• _Task to carry out_:
The entries that follow should be repeated exactly, with no pictures kept.
*** Opening of Data extracts ***
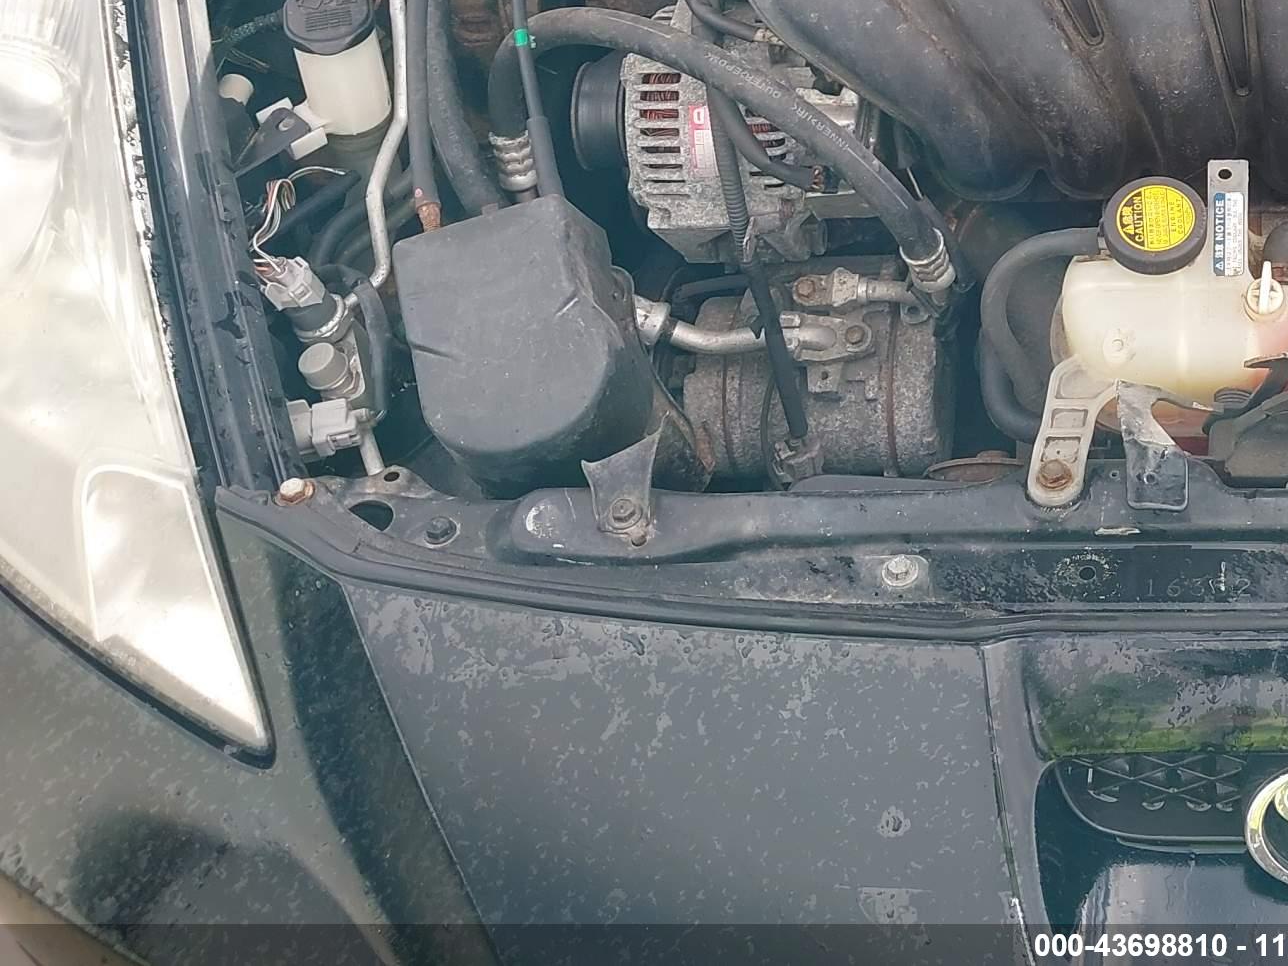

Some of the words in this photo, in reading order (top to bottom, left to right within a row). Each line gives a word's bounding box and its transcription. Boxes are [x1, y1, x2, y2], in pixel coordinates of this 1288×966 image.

[1133, 196, 1144, 243] CAUTION
[1169, 200, 1178, 233] ENGINE
[1175, 198, 1184, 235] COOLANT
[1215, 199, 1225, 241] NOTICE
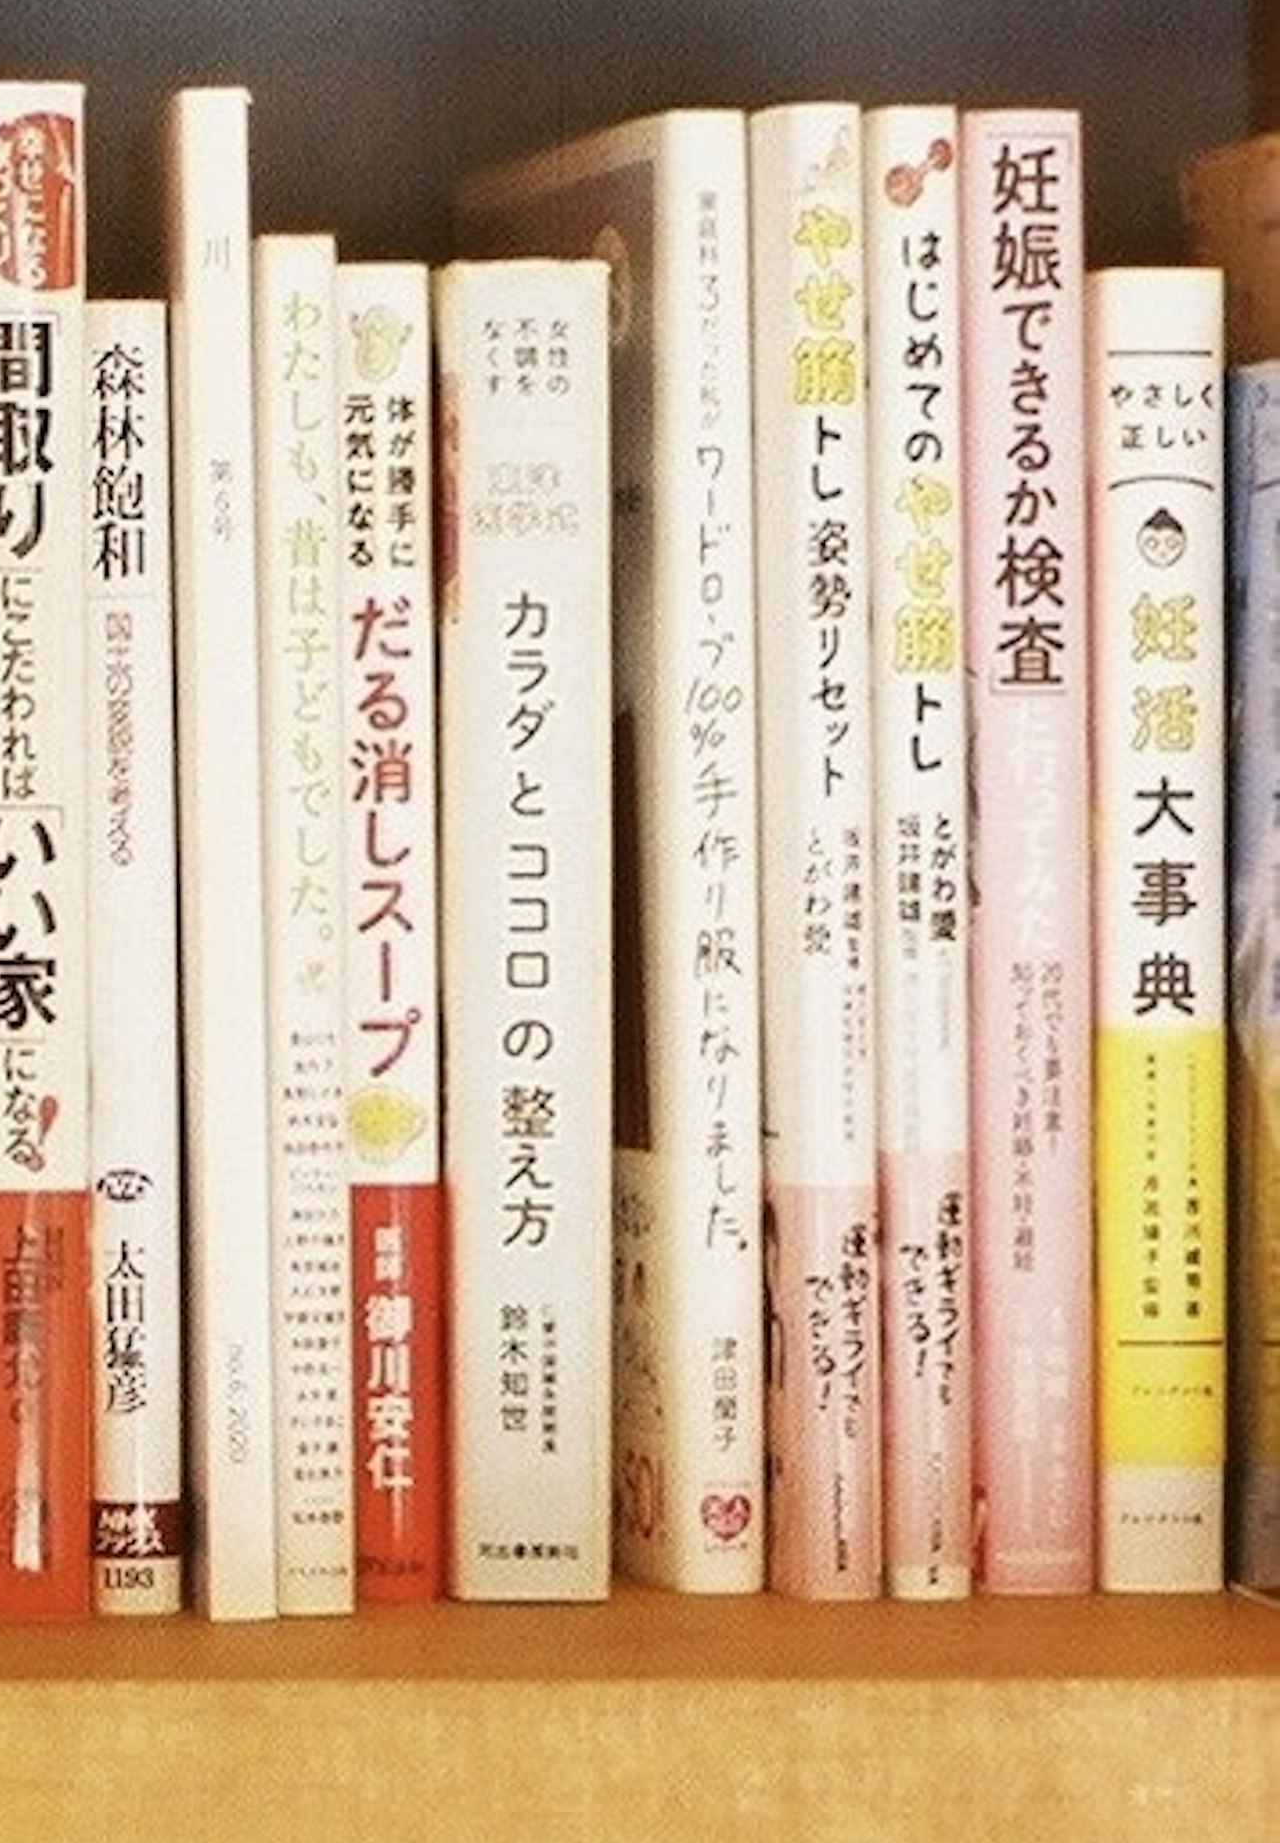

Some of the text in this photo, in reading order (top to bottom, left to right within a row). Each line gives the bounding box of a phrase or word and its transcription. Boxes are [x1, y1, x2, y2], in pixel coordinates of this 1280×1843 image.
*** Close of Data extracts ***
• _Completed task_:
Some of the words in this photo, in reading order (top to bottom, left to right within a row). Each line gives a word's bounding box and its transcription. Boxes are [x1, y1, x2, y2], in pixel coordinates of this 1288×966 image.

[1133, 196, 1144, 243] CAUTION
[1169, 200, 1178, 233] ENGINE
[1175, 198, 1184, 235] COOLANT
[1215, 199, 1225, 241] NOTICE

Some of the text in this photo, in reading order (top to bottom, left to right within a row). Each line gives the bounding box of a phrase or word and its transcription. Boxes are [x1, y1, x2, y2], in pixel coordinates of this 1280×1843 image.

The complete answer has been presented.